Giancarlo Guerrini

Personal information
- Born: 29 December 1939 Rome, Italy
- Died: 21 March 2025 (aged 85) Rome, Italy

Sport
- Sport: Water polo

Medal record
Representing Italy
Olympic Games
| Gold medal – first place | 1960 Rome | Team competition |

= Giancarlo Guerrini =

Italian water polo player (1939–2025)

Giancarlo Guerrini (29 December 1939 – 21 March 2025) was an Italian water polo player who competed in the 1960 Summer Olympics, in the 1964 Summer Olympics, and in the 1968 Summer Olympics.

==Biography==
When Guerrini was 15 years old, he did not know how to swim, and almost drowned in a trip to Ostia. He began taking swimming lessons, and instructors noticed that he had natural skill. He began participating in water polo.
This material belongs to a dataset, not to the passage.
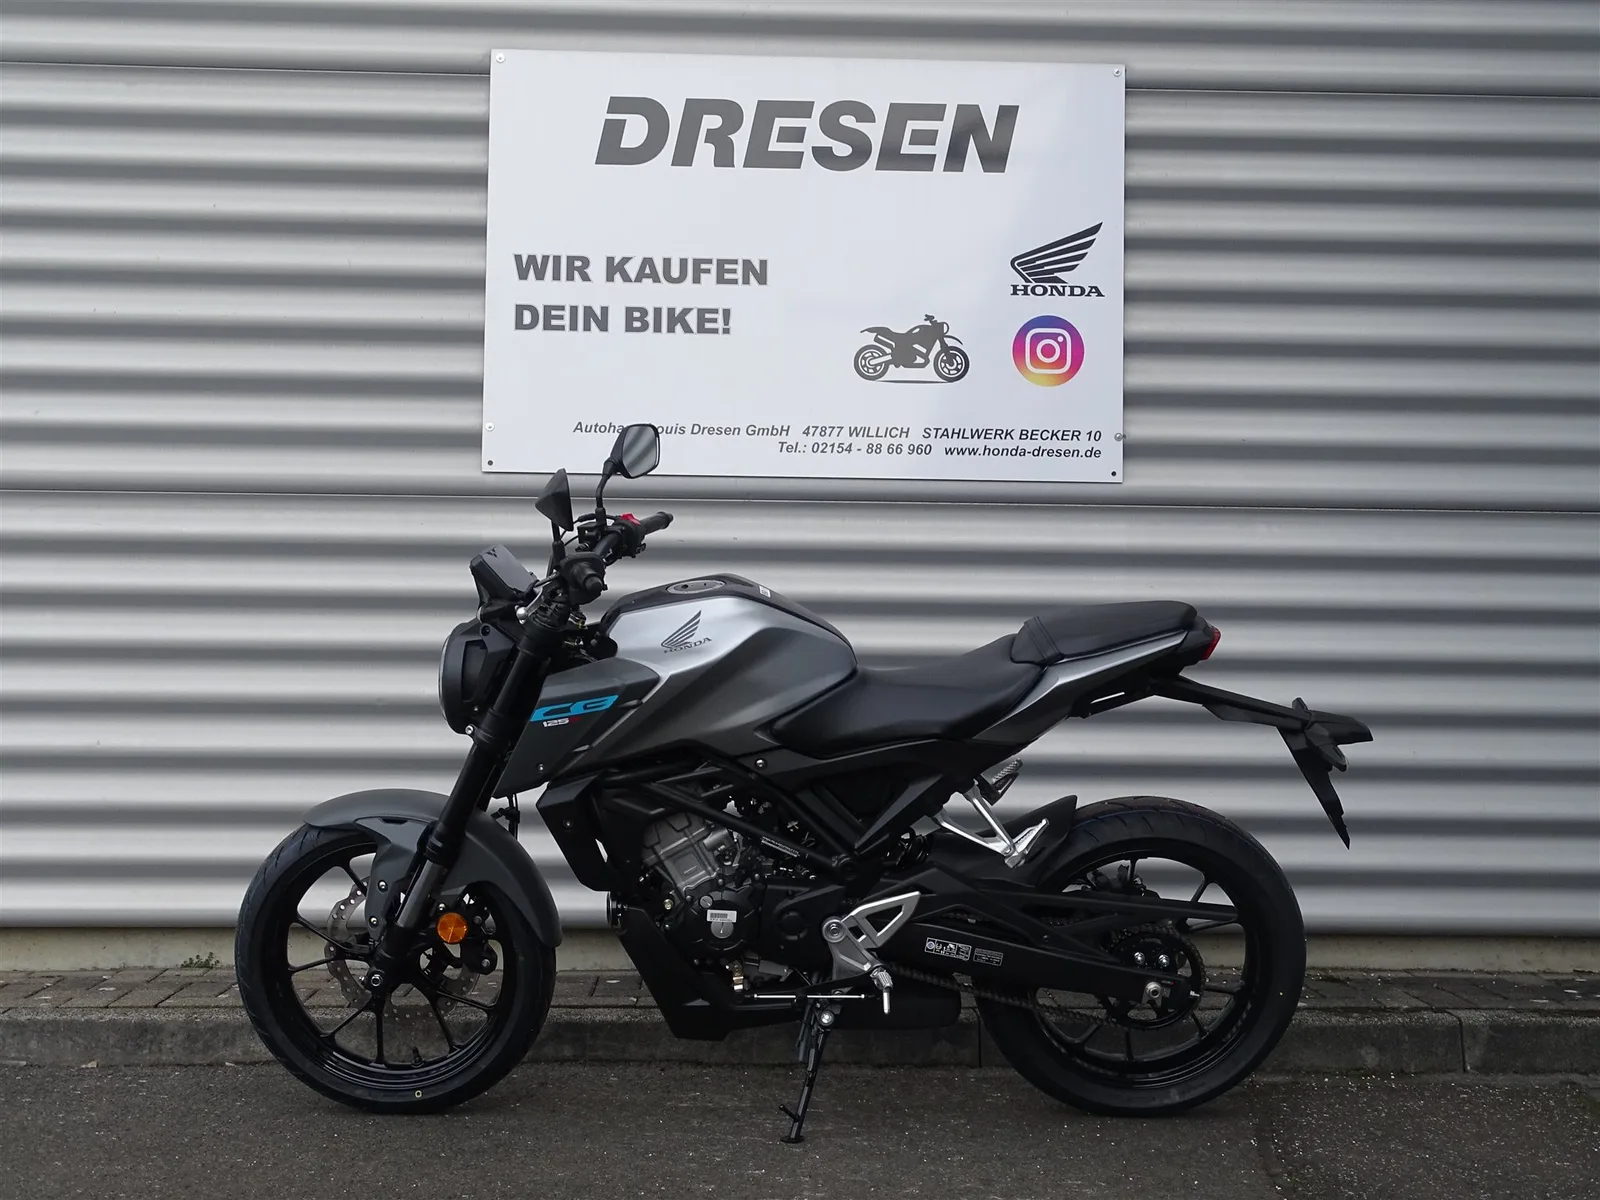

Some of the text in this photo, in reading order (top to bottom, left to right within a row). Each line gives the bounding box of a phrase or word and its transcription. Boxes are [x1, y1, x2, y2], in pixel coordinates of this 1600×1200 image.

In the 1960 Summer Olympics, he was a member of the Italian water polo team which won the gold medal. He also competed in the 1964 Summer Olympics and the 1968 Summer Olympics. He was honored as a Knight of the Order of Merit of the Italian Republic in 2002, and won the Golden Collar for Sports Merit in 2016. He also served as the secretary general of the Italian Fencing Federation.

Guerrini died in Rome on 21 March 2025, at the age of 85.

==See also==
- Italy men's Olympic water polo team records and statistics
- List of Olympic champions in men's water polo
- List of Olympic medalists in water polo (men)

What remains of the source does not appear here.